== Data records ==
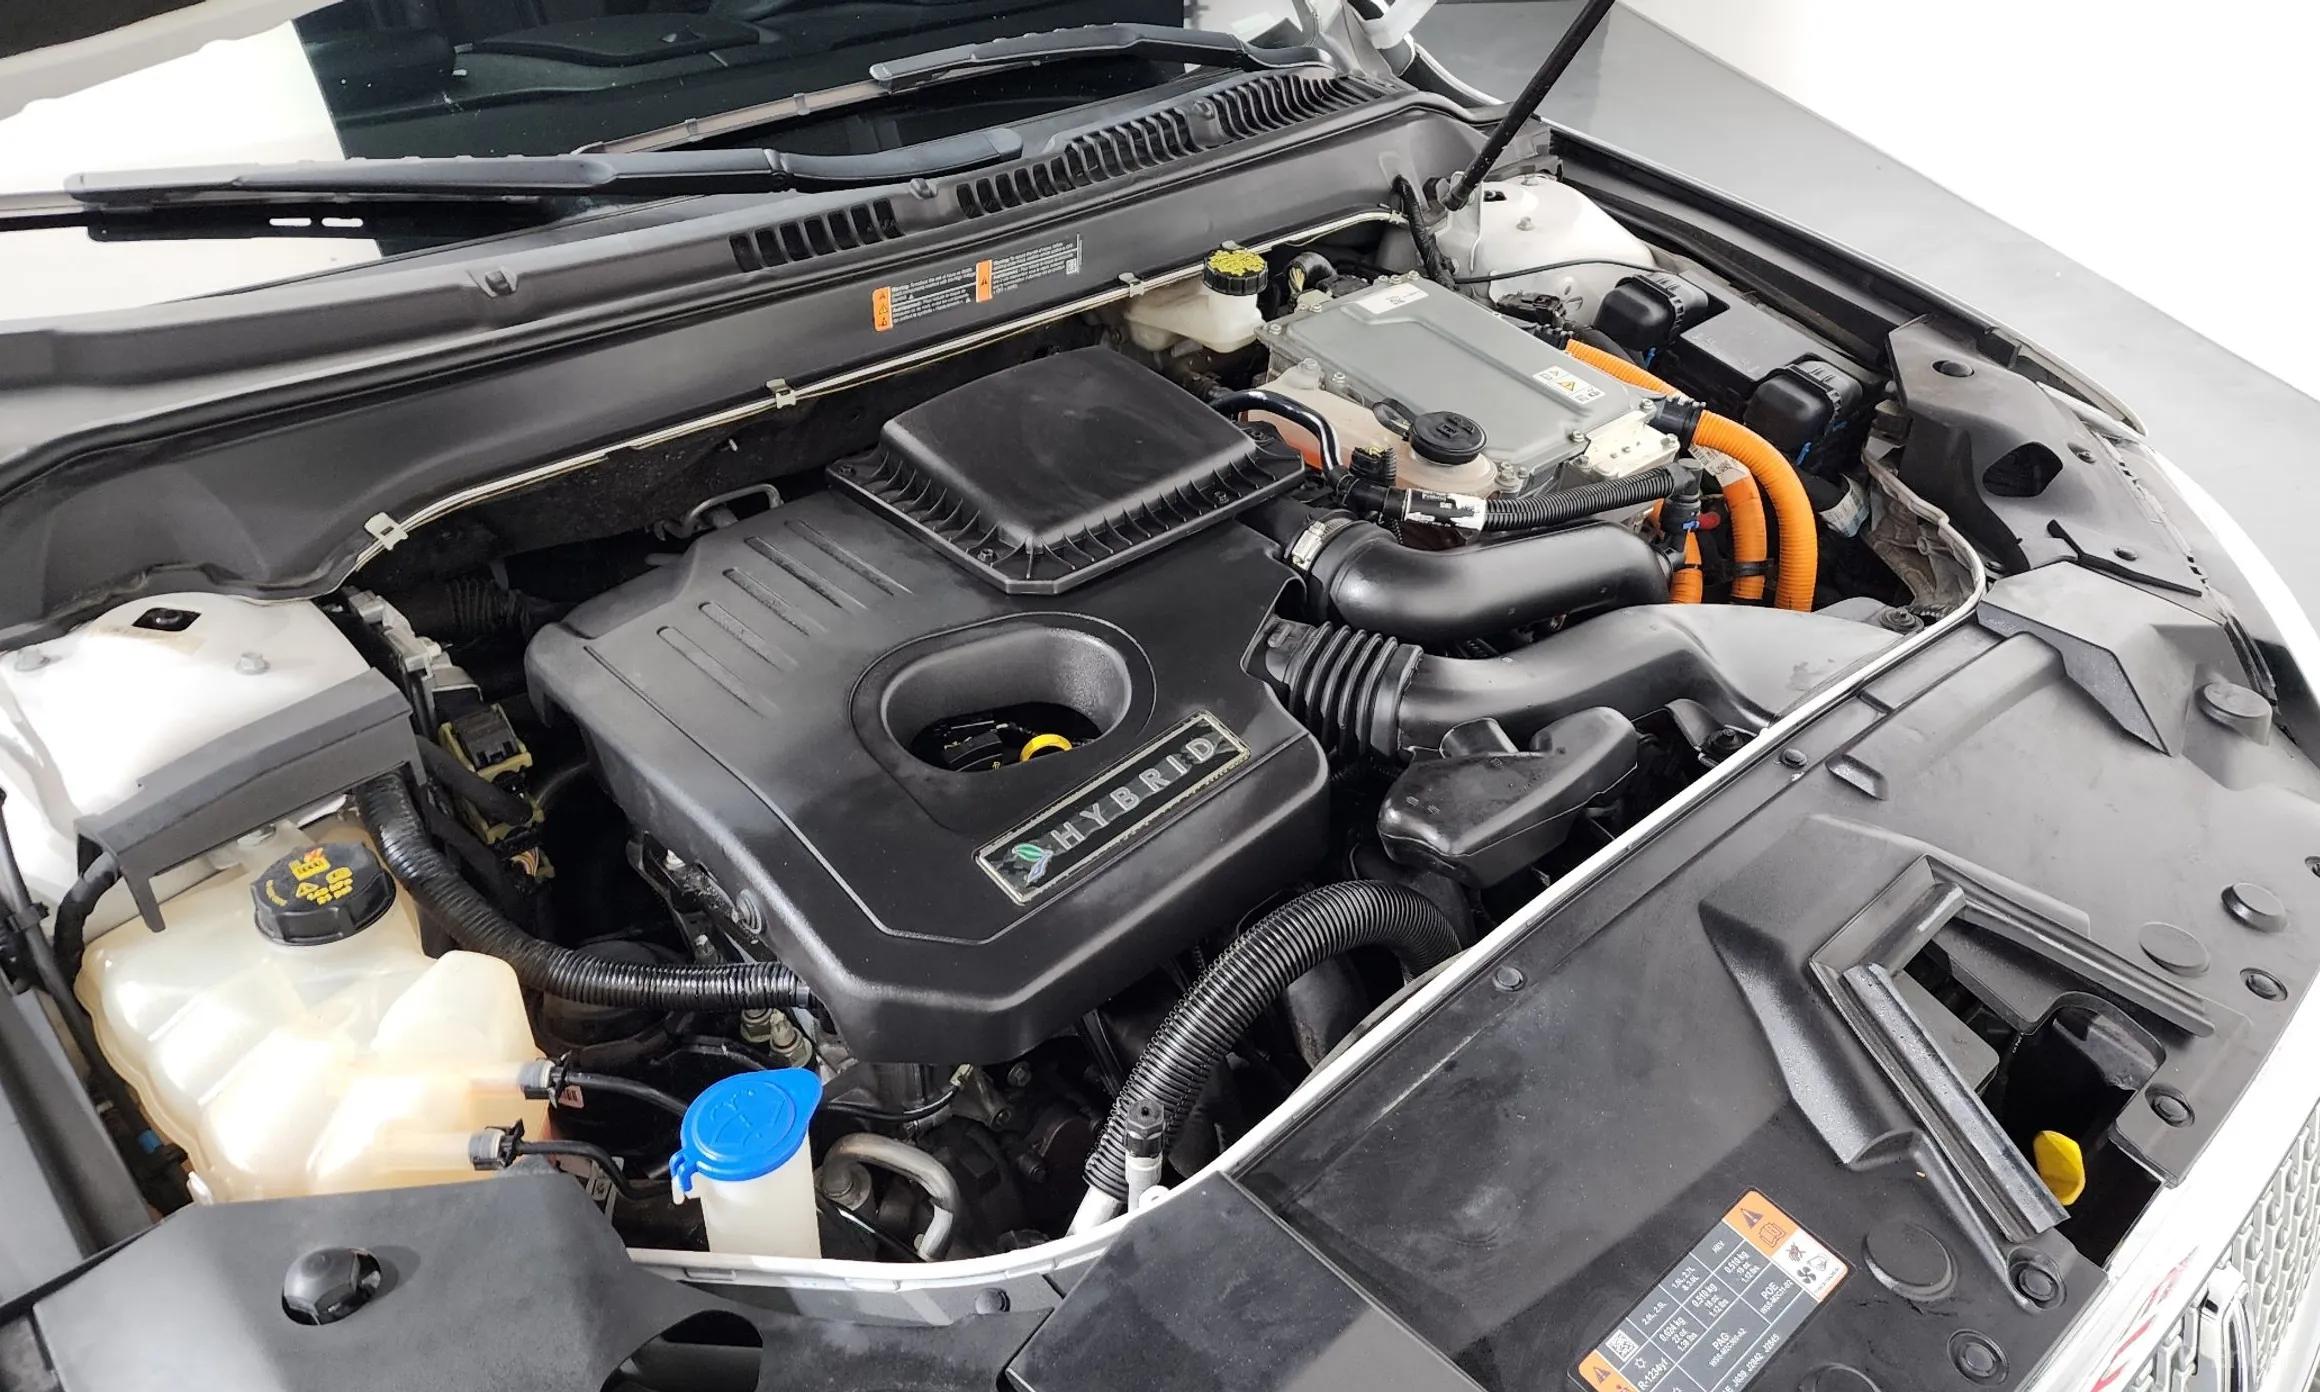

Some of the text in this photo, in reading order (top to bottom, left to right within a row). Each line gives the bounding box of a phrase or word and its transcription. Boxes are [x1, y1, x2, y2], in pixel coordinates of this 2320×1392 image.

[1050, 737, 1216, 851] HYBRID
[1712, 1240, 1725, 1254] HEV
[1724, 1250, 1750, 1274] 0.510 kg
[1691, 1283, 1718, 1308] 0.510 kg
[1760, 1281, 1779, 1300] POE
[1659, 1316, 1687, 1342] 0.624 kg
[1711, 1332, 1729, 1351] PAG
[1637, 1356, 1669, 1391] R-1234yf
[1732, 1370, 1747, 1387] J639

== What the task asks ==
From the first line to the last, repeat the records above exactly, leaving out the pictures.

== Problem solution ==
Some of the text in this photo, in reading order (top to bottom, left to right within a row). Each line gives the bounding box of a phrase or word and its transcription. Boxes are [x1, y1, x2, y2], in pixel coordinates of this 2320×1392 image.

[1050, 737, 1216, 851] HYBRID
[1712, 1240, 1725, 1254] HEV
[1724, 1250, 1750, 1274] 0.510 kg
[1691, 1283, 1718, 1308] 0.510 kg
[1760, 1281, 1779, 1300] POE
[1659, 1316, 1687, 1342] 0.624 kg
[1711, 1332, 1729, 1351] PAG
[1637, 1356, 1669, 1391] R-1234yf
[1732, 1370, 1747, 1387] J639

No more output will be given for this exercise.